── Exercise material ──

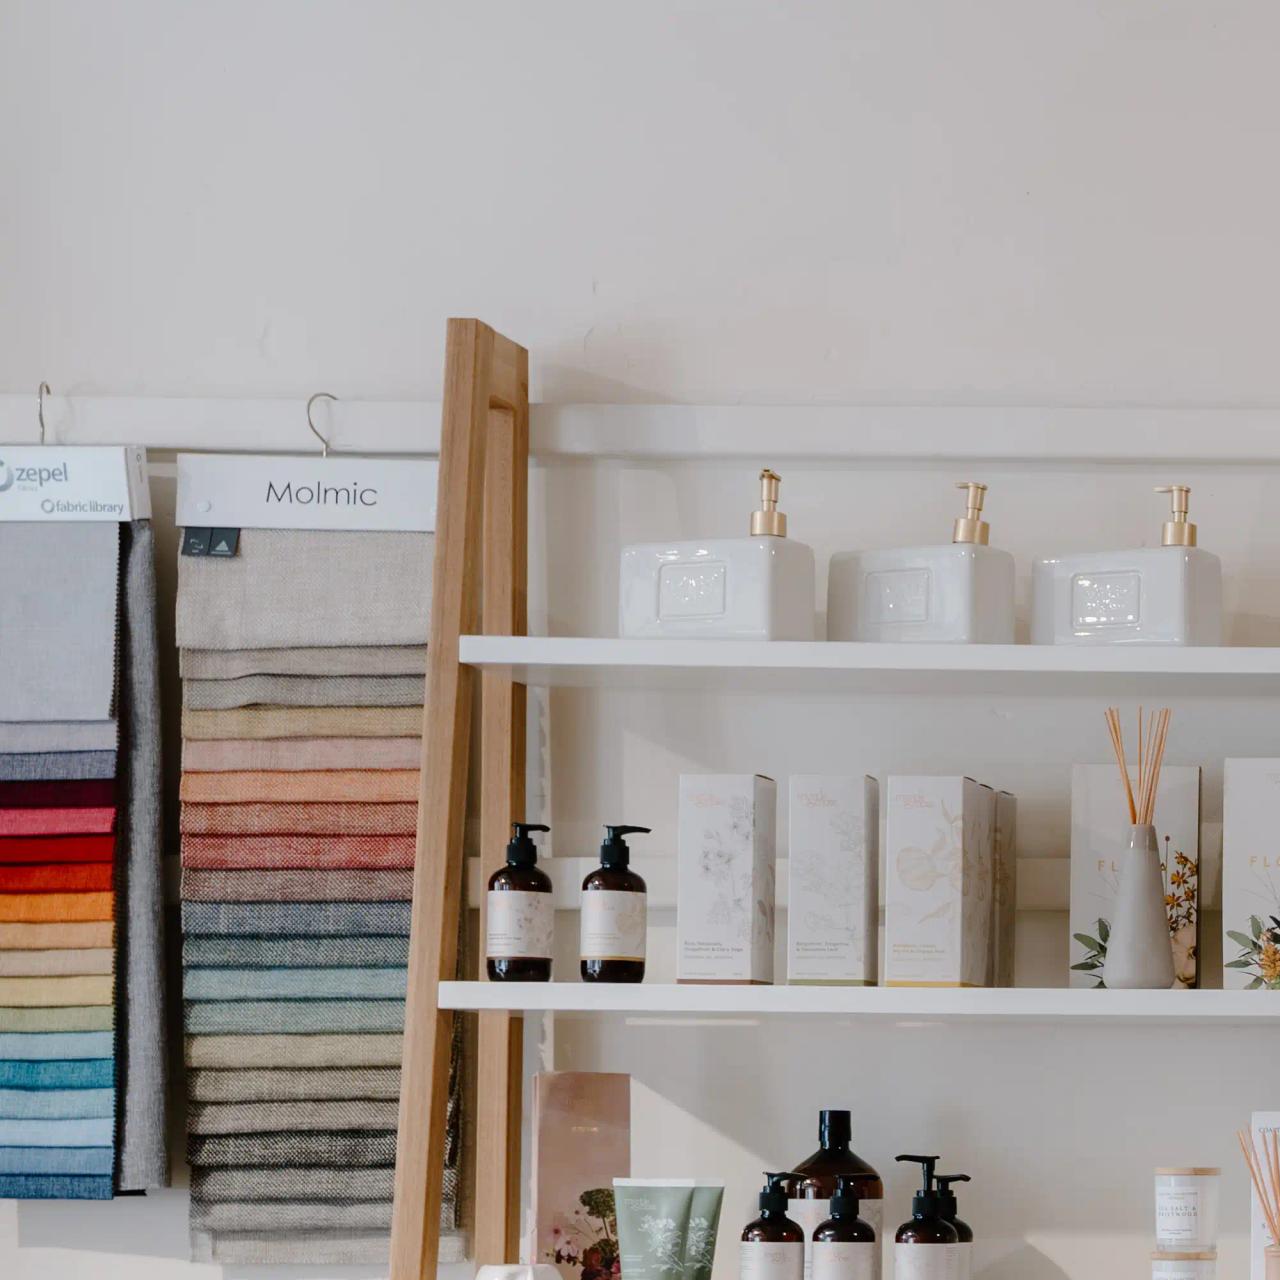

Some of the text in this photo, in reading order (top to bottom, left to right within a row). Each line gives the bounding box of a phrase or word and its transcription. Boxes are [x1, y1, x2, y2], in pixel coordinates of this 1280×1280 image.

[15, 462, 69, 488] zepel
[266, 480, 378, 506] Molmic
[56, 500, 124, 515] fabric library
[1098, 860, 1167, 873] FLA

───

== What is needed ==
Could you reproduce the listing above word for word while leaving out its pictures?

== Result for this task ==
Some of the text in this photo, in reading order (top to bottom, left to right within a row). Each line gives the bounding box of a phrase or word and its transcription. Boxes are [x1, y1, x2, y2], in pixel coordinates of this 1280×1280 image.

[15, 462, 69, 488] zepel
[266, 480, 378, 506] Molmic
[56, 500, 124, 515] fabric library
[1098, 860, 1167, 873] FLA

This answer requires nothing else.